Whatever appears in the records apart from pictures must be reproduced exactly.

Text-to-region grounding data

********

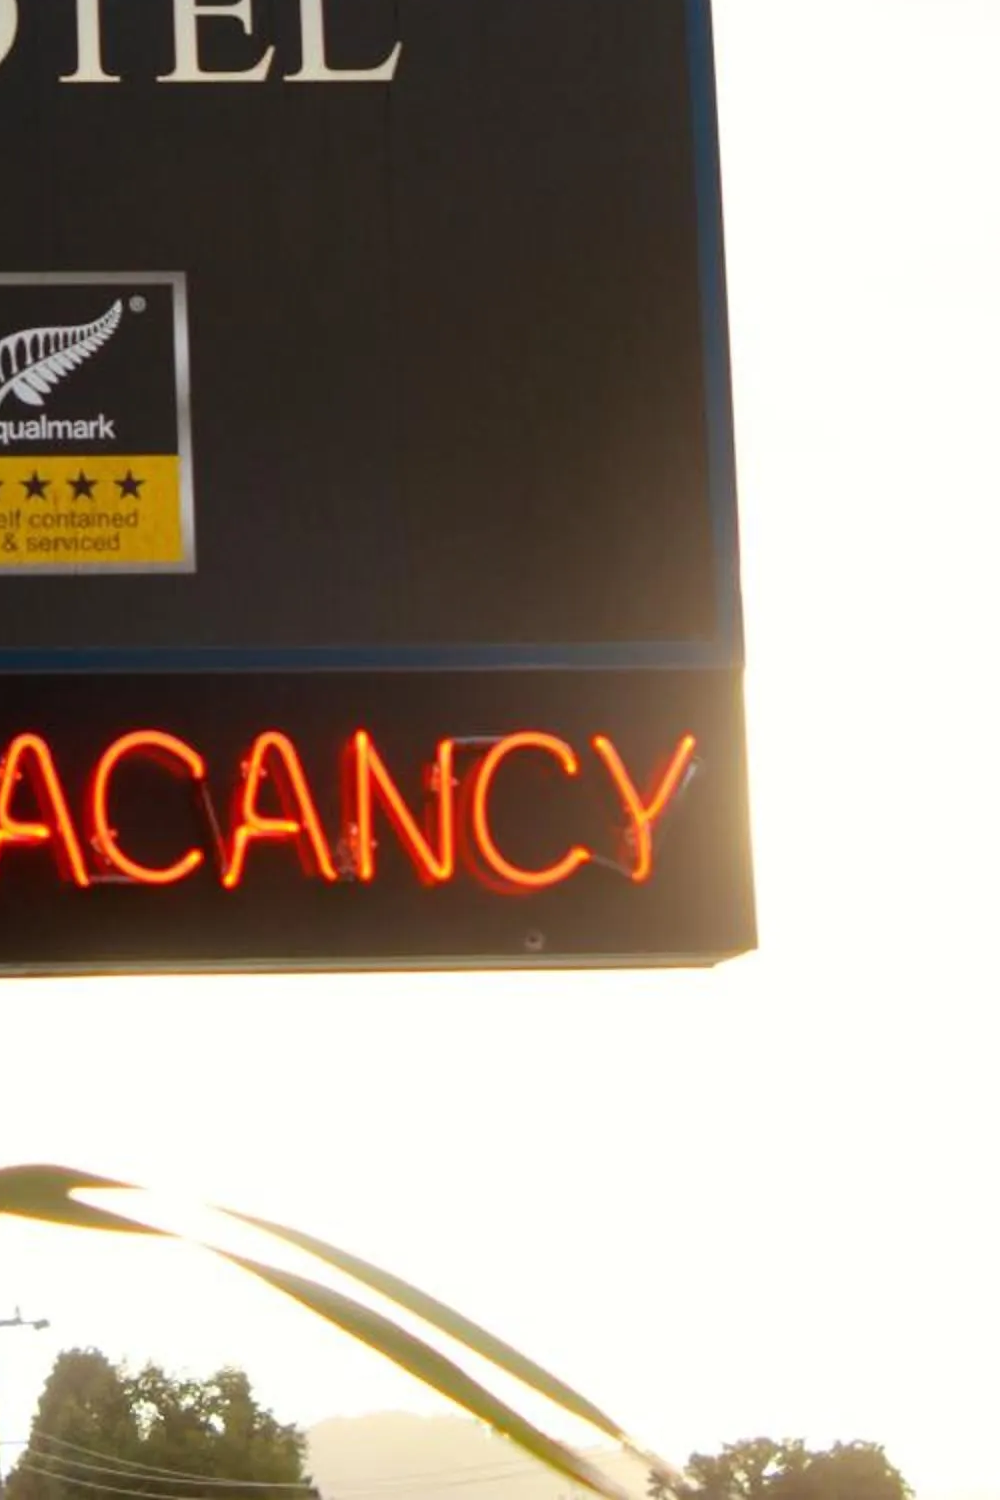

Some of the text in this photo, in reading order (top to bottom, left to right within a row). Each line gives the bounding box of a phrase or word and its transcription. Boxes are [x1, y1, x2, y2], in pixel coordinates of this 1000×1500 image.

[28, 509, 139, 529] contained
[1, 532, 121, 552] & serviced
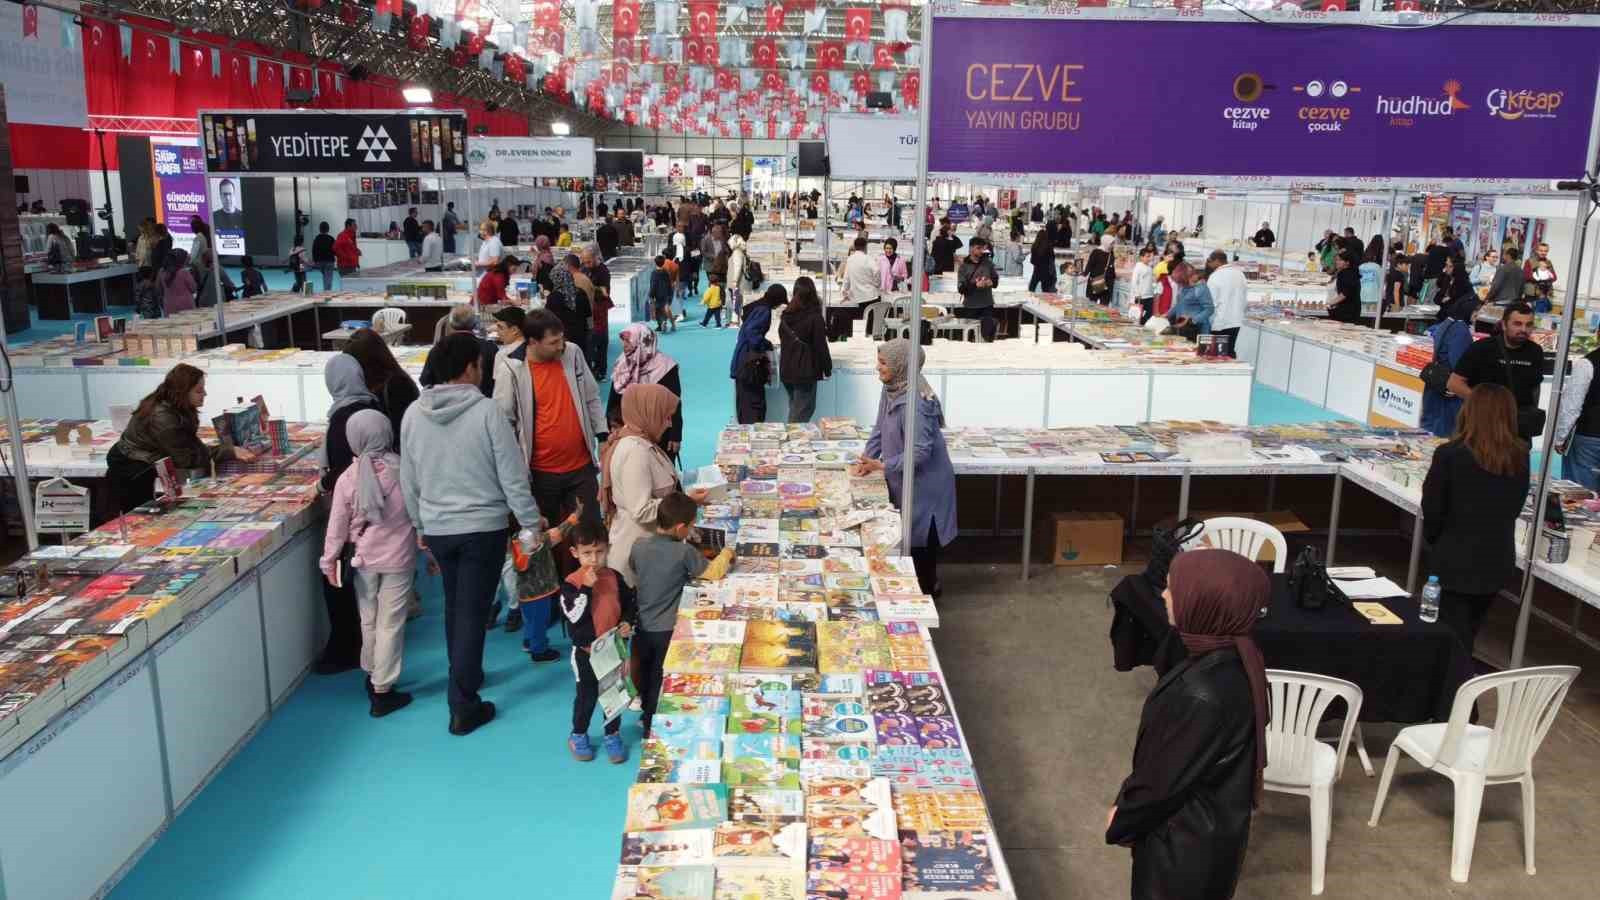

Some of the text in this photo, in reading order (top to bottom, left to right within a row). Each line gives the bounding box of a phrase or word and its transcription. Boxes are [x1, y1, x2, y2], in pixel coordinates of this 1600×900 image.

[966, 63, 1084, 101] CEZVE
[1223, 106, 1271, 119] cezve
[1298, 106, 1351, 120] cezve
[965, 111, 1081, 130] YAYIN GRUBU
[1232, 119, 1258, 131] kitap
[1307, 121, 1341, 133] çocuk
[271, 132, 351, 157] YEDİTEPE

********

Solution:
Some of the text in this photo, in reading order (top to bottom, left to right within a row). Each line gives the bounding box of a phrase or word and its transcription. Boxes are [x1, y1, x2, y2], in pixel coordinates of this 1000×1500 image.

[28, 509, 139, 529] contained
[1, 532, 121, 552] & serviced

Some of the text in this photo, in reading order (top to bottom, left to right within a row). Each line gives the bounding box of a phrase or word and its transcription. Boxes are [x1, y1, x2, y2], in pixel coordinates of this 1600×900 image.

[966, 63, 1084, 101] CEZVE
[1223, 106, 1271, 119] cezve
[1298, 106, 1351, 120] cezve
[965, 111, 1081, 130] YAYIN GRUBU
[1232, 119, 1258, 131] kitap
[1307, 121, 1341, 133] çocuk
[271, 132, 351, 157] YEDİTEPE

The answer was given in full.